The wide access to the energy accumulated for millions of years in non-renewable fossil carriers has fundamentally shaped the human civilization. Chemical energy carriers such as H2 represent a reasonable alternative for the continuation of the flexible supply of our needs now tuned towards renewable energy sources. Catalysts for the electrolysis of water (e.g., H2 production), which utilize abundant first row transition metals, especially those that promote the more demanding oxygen evolving reaction (OER, also known as water oxidation catalysts, WOCs), are highly pursued. Notwithstanding of the direct advantages of heterogeneous systems based on inorganic precursors, molecular WOCs formed with organic ligands also attract peculiar attention. These molecular systems can either change dynamically leading to in-situ formed compounds with characteristic activity, or exhibit remarkably long-lived molecular catalysis. In accordance with their central role in each scenario, the investigation and understanding of the pH-dependent behaviour, stability and redox properties of the various metal–ligand combinations should be continual goals.

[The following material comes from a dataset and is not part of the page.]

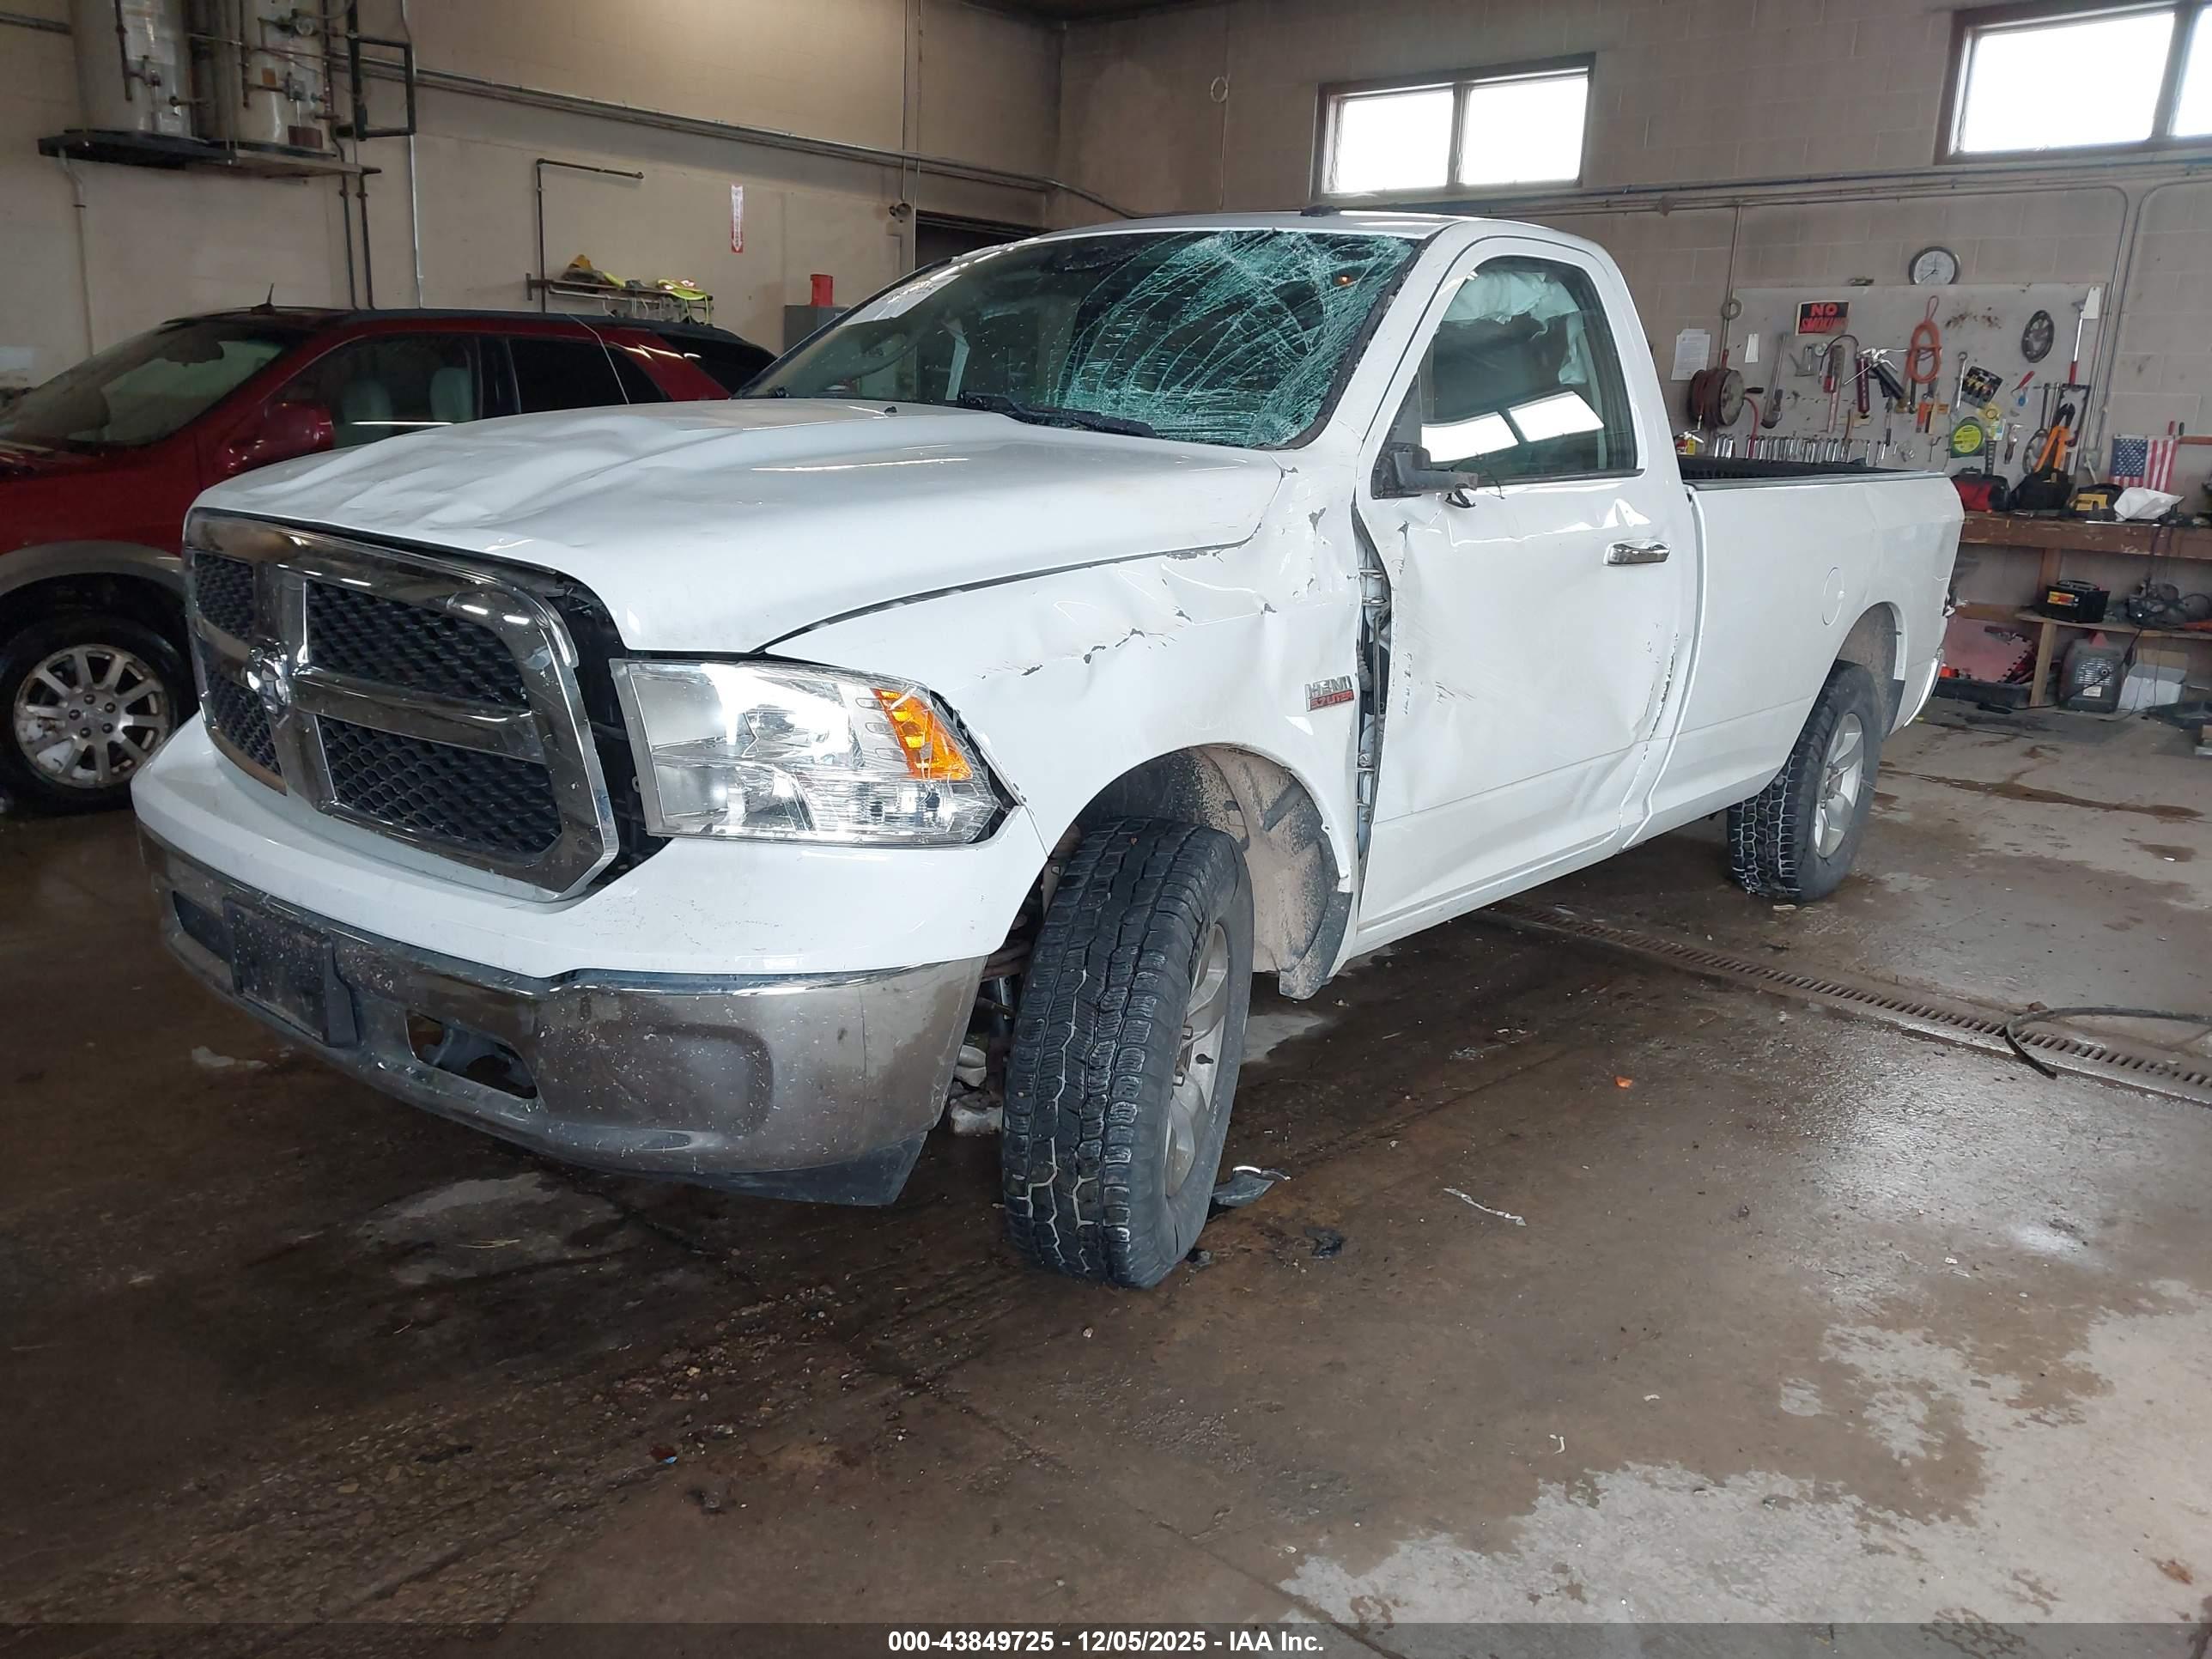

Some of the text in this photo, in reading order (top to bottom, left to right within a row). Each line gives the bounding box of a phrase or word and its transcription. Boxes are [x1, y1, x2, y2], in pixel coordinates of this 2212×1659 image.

We contributed to this field by studying versatile metallopeptide systems with special focus on copper. Inspiration comes from the natural polypeptides that serve as the chassis of most metalloenzymes. These compounds not only form flexible pockets around the active sites thus helping substrate docking, but also efficiently ligate metal ions through various donor groups and influence their redox properties.

My presentation focuses on new metal coordination options created by artificial peptide branching. In the past years we could achieve a substantial progress in the control of the stability and WOC performance of our copper-branched peptide complexes. Moreover, the molecular catalysts could be layered onto electrodes with polyelectrolytes that allowed operando surface studies. The key to all targeted modifications was the modular design of this new ligand family.

Introduction:

József S. Pap has been leading the Surface Chemistry and Catalysis Department of the MTA Centre for Energy Research in Budapest since 2013. Born in 1977, Hungary. Earned MSc (2001) and PhD degree in chemistry (2005, enzyme modeling systems) at the University of Veszprém, Hungary. Worked in Poland (University of Wroc?aw, with Prof. Henryk Henryk Koz?owski), Germany (MPI für Bioanorganische Chemie, with Prof. Karl Wieghardt) and the USA (University of Wisconsin - Madison, with John F. Berry). Between 2009 and 2013 worked at the University of Pannonia on model compounds for oxidase and oxygenase metalloenzymes. His current topic is water splitting by bio-inspired electrocatalysts related to renewable chemical energy storage.